I'm going to give you some blunt, yet hopefully productive, comments and advice:
- your mesh is crap. The fluctuations that you show in your stress plot ought not to be there, and are as a result of a very poor mesh. You have likely used tetrahedral elements - I truly hope that you have used quadratic tetrahedrals, because linear tets are all kinds of bad. I would take
prex's advice and use shell elements, but if you are bound and determined to use solid elements, please use hexahedral elements. Ensure that you have a minimum of 3 quadratic bricks in the through-thickness direction, and at least 96 in the circumferential direction.
- do not model any sort of fine fillet radius at the corner. The methodology will sort out the peak stresses.
- cone-to-cylinder junctions often result in compressive stresses, which lead to a different failure mode that is less dependent on the magnitude of the stress: buckling.

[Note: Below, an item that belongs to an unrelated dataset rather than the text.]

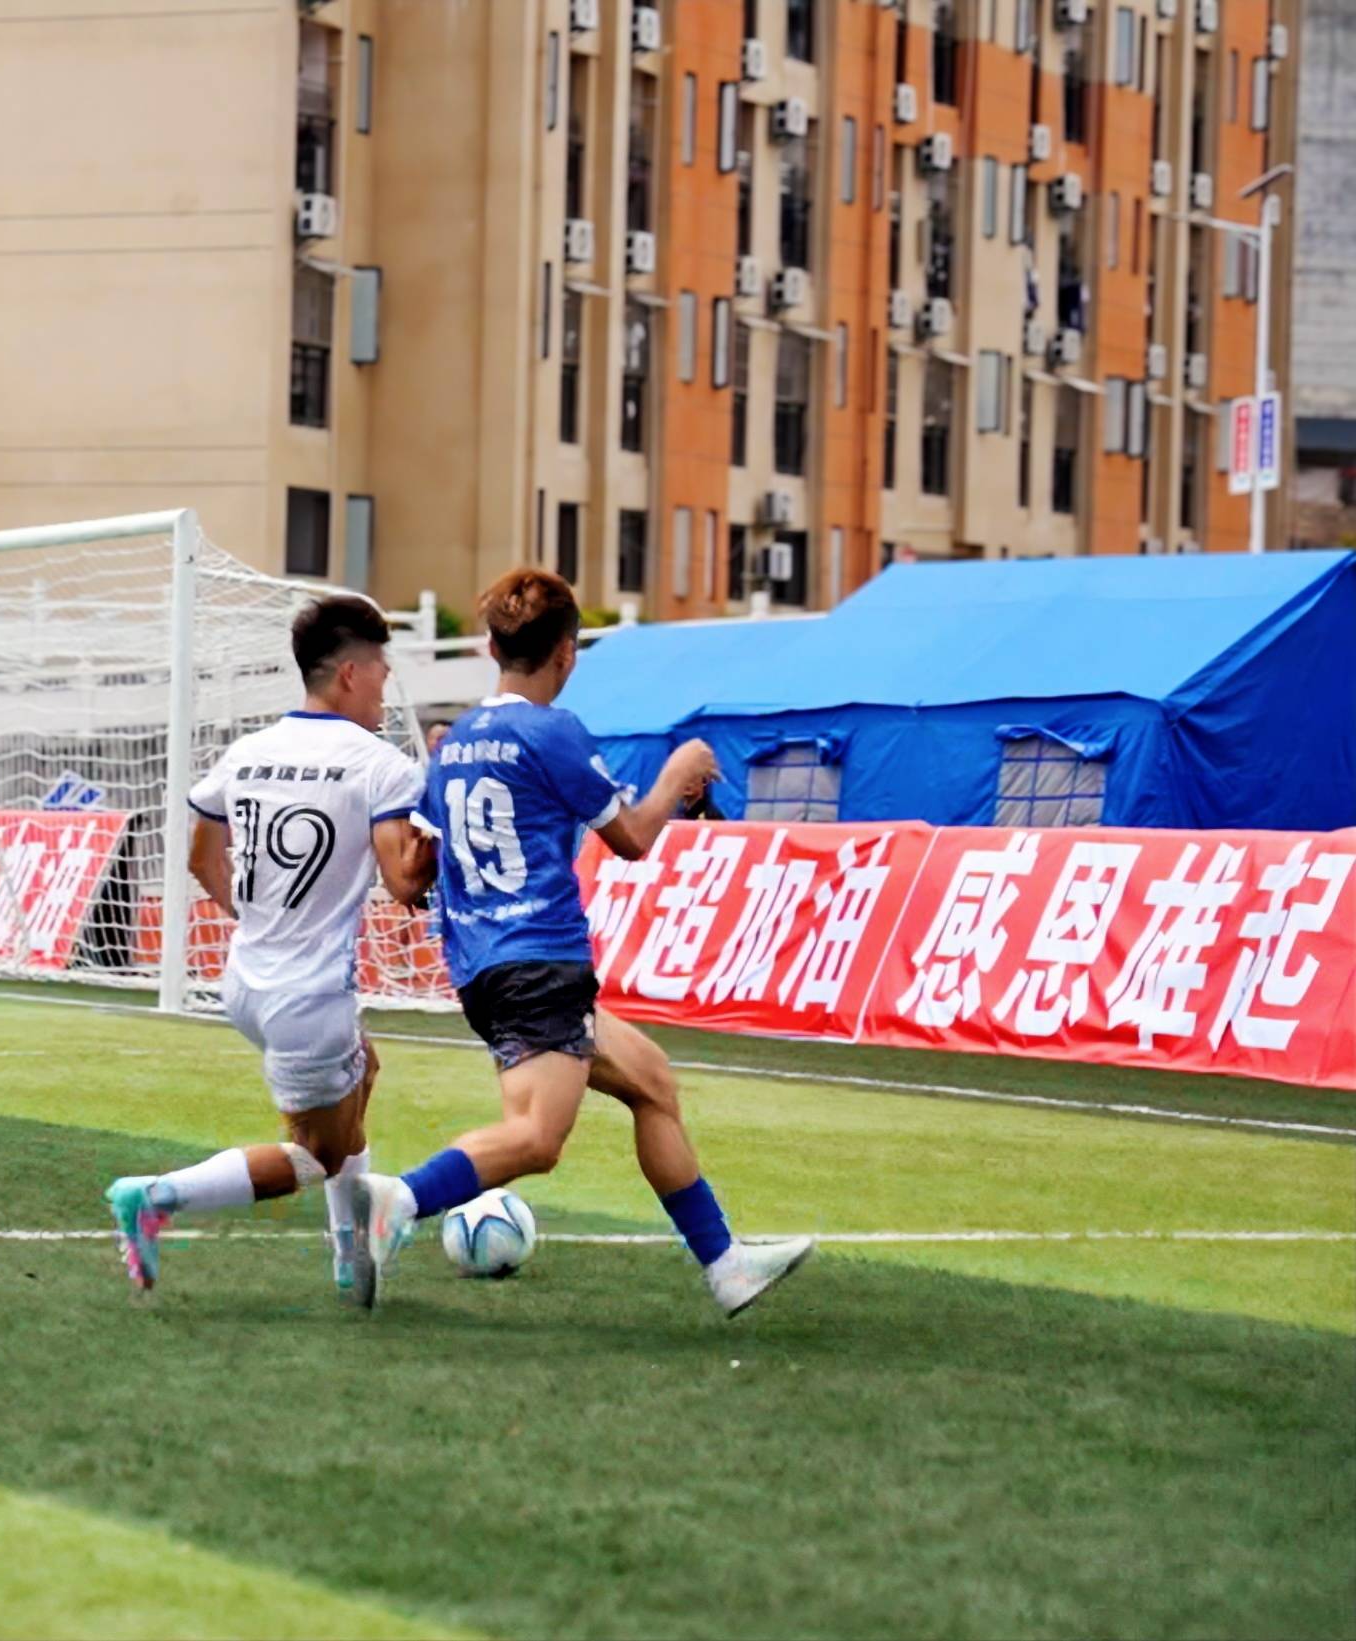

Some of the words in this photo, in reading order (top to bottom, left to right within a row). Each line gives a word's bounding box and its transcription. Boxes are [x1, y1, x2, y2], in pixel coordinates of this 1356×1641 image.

[235, 798, 336, 909] 19
[445, 777, 528, 896] 19
[895, 832, 1355, 1052] 感恩雄起

- follow the methodology presented in ASME Section VIII, Division2, Part 5. You will need to satisfy ALL of the failure modes: Plastic Collapse, Local Failure, Collapse From Buckling, and Failure From Cyclic Loading: Ratcheting. And you will also need to consider possibly fatigue if you will be in cyclic service. You are performing calculations for an ASME Section VIII, Division 1 vessel, utilizing the statement U-2(g). Although there is not (yet) guidance on how to use FEA to accomplish this, I have written a post that addresses what I believe to be industry best practice in this regard -
My recommendation to you is that if you have never done this before, either get a good mentor or hire an expert. I would estimate that a design like this would probably take me a day to do, and then another day or two to write up the report, suitable for submission to the most challenging jurisdictions in the world.